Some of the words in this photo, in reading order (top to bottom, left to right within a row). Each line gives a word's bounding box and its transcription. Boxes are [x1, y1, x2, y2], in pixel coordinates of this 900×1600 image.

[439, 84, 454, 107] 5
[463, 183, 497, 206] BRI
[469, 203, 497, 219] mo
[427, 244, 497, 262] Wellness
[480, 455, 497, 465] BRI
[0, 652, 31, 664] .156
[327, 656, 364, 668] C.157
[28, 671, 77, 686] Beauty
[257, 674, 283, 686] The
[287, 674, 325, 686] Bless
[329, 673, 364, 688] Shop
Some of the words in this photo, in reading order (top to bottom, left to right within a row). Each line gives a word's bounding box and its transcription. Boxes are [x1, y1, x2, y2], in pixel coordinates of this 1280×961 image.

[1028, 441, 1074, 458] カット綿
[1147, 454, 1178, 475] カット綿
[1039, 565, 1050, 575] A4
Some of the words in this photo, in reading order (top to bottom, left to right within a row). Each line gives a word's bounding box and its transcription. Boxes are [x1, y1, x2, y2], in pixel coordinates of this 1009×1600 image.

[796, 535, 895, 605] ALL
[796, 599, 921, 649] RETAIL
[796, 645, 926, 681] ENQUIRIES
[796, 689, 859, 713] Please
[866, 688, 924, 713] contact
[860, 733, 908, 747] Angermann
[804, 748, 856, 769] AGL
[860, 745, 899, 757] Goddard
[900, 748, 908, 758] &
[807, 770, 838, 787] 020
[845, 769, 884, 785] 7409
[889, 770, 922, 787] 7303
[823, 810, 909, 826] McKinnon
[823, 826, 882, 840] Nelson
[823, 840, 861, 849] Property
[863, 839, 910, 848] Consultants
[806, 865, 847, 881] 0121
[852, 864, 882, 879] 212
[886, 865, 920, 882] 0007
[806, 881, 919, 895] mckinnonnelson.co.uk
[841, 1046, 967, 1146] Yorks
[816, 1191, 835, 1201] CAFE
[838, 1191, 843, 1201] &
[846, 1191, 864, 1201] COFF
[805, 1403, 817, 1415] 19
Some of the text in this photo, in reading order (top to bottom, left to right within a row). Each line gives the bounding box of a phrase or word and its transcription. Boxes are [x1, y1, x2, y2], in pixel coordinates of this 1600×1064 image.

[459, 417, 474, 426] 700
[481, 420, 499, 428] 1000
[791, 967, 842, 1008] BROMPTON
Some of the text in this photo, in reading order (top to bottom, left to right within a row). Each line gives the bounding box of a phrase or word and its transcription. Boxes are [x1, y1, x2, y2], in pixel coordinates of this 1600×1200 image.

--- --- ---

▶ _TASK REQUIREMENTS_: Every line from above should appear again in the answer, exactly as written.

▶ _SOLUTION TO THIS PROBLEM_:
Some of the words in this photo, in reading order (top to bottom, left to right within a row). Each line gives a word's bounding box and its transcription. Boxes are [x1, y1, x2, y2], in pixel coordinates of this 900×1600 image.

[439, 84, 454, 107] 5
[463, 183, 497, 206] BRI
[469, 203, 497, 219] mo
[427, 244, 497, 262] Wellness
[480, 455, 497, 465] BRI
[0, 652, 31, 664] .156
[327, 656, 364, 668] C.157
[28, 671, 77, 686] Beauty
[257, 674, 283, 686] The
[287, 674, 325, 686] Bless
[329, 673, 364, 688] Shop
Some of the words in this photo, in reading order (top to bottom, left to right within a row). Each line gives a word's bounding box and its transcription. Boxes are [x1, y1, x2, y2], in pixel coordinates of this 1280×961 image.

[1028, 441, 1074, 458] カット綿
[1147, 454, 1178, 475] カット綿
[1039, 565, 1050, 575] A4
Some of the words in this photo, in reading order (top to bottom, left to right within a row). Each line gives a word's bounding box and its transcription. Boxes are [x1, y1, x2, y2], in pixel coordinates of this 1009×1600 image.

[796, 535, 895, 605] ALL
[796, 599, 921, 649] RETAIL
[796, 645, 926, 681] ENQUIRIES
[796, 689, 859, 713] Please
[866, 688, 924, 713] contact
[860, 733, 908, 747] Angermann
[804, 748, 856, 769] AGL
[860, 745, 899, 757] Goddard
[900, 748, 908, 758] &
[807, 770, 838, 787] 020
[845, 769, 884, 785] 7409
[889, 770, 922, 787] 7303
[823, 810, 909, 826] McKinnon
[823, 826, 882, 840] Nelson
[823, 840, 861, 849] Property
[863, 839, 910, 848] Consultants
[806, 865, 847, 881] 0121
[852, 864, 882, 879] 212
[886, 865, 920, 882] 0007
[806, 881, 919, 895] mckinnonnelson.co.uk
[841, 1046, 967, 1146] Yorks
[816, 1191, 835, 1201] CAFE
[838, 1191, 843, 1201] &
[846, 1191, 864, 1201] COFF
[805, 1403, 817, 1415] 19
Some of the text in this photo, in reading order (top to bottom, left to right within a row). Each line gives the bounding box of a phrase or word and its transcription. Boxes are [x1, y1, x2, y2], in pixel coordinates of this 1600×1064 image.

[459, 417, 474, 426] 700
[481, 420, 499, 428] 1000
[791, 967, 842, 1008] BROMPTON
Some of the text in this photo, in reading order (top to bottom, left to right within a row). Each line gives the bounding box of a phrase or word and its transcription. Boxes are [x1, y1, x2, y2], in pixel coordinates of this 1600×1200 image.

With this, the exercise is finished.